There they all were, together and distinct, at one end of the sky-blue divan. Their vein of laughter exhausted, the first to speak was Marta Ruiz.
– I see, she said to Solveig, that your Adam Buenosayres has come back to us.
– The fugitive poet! chimed in Haydée. It’s the first time we’ve seen him since that famous Thursday.
– He looks kind of lugubrious, said Marta. He’s another strange bird. Like that ghost Schultz and that hypnotist engineer.5
– The Amundsen Lunatic Asylum is at full capacity, observed Haydée, passing a benevolent gaze over the tertulia.
Marta Ruiz had become pensive. To be sure, none of those fellows with fevered brains was the kind of man who could fulfil a woman’s destiny. Intellectuals? Bah! Weak creatures, frozen men. And Marta Ruiz was a live coal amid ashes.
– A real man, she sighed abstractedly, as if invoking a utopian dream. A real, honest-to-goodness man, with strong muscles, and his feet firmly on the ground!
– A cave man? Haydée asked.
– No, not that! protested Marta.
And no, that wasn’t it at all.
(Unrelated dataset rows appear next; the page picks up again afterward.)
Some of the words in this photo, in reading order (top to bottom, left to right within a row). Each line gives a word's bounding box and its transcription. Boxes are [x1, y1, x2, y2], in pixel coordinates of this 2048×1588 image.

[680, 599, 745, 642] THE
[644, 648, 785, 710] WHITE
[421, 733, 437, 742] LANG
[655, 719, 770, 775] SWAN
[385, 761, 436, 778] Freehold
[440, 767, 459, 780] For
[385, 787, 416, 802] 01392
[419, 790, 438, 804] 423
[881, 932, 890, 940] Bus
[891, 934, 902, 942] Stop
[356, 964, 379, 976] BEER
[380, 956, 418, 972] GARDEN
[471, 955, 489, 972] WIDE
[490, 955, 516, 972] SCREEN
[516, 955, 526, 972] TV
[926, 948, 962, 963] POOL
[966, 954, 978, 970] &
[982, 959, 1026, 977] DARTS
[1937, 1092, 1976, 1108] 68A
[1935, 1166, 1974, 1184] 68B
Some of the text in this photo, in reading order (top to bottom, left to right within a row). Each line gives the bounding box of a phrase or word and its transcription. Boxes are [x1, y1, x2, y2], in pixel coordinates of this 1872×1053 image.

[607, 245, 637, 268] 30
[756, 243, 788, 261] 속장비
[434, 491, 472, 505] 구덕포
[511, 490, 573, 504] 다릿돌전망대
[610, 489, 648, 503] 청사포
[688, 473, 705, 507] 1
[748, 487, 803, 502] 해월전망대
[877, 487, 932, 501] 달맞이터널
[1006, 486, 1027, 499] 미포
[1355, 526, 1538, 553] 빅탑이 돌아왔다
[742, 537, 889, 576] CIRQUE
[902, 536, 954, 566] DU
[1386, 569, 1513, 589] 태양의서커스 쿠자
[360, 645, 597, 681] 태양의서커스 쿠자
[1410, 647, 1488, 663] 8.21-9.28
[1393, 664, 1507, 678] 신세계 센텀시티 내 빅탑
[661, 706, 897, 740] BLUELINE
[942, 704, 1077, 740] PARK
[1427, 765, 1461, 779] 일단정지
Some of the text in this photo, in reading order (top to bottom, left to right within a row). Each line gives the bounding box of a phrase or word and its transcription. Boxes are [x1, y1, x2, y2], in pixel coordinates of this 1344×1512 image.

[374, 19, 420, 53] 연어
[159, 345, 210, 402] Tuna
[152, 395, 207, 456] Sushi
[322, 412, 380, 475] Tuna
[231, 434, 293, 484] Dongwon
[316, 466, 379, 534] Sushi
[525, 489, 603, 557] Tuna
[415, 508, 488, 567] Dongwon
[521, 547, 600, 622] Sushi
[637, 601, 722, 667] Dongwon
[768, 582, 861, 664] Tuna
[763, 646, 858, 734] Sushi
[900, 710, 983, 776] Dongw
A female Diogenes, Marta Ruiz was looking for a true man, searching with no other lantern than her treacherous eyes.
– I’m talking about a man who has the delicacy of a gentleman and the energy of a wrestler. A man with instincts! Someone like John Taylor in Jungle Inferno.
– John Taylor? exclaimed Haydée scornfully. A brute! He always plays the stupid macho with silly women wanting to get whipped. John Taylor!
– He has character, said Marta.
– What? shot back Haydée. Would you put up with a barbarian like him?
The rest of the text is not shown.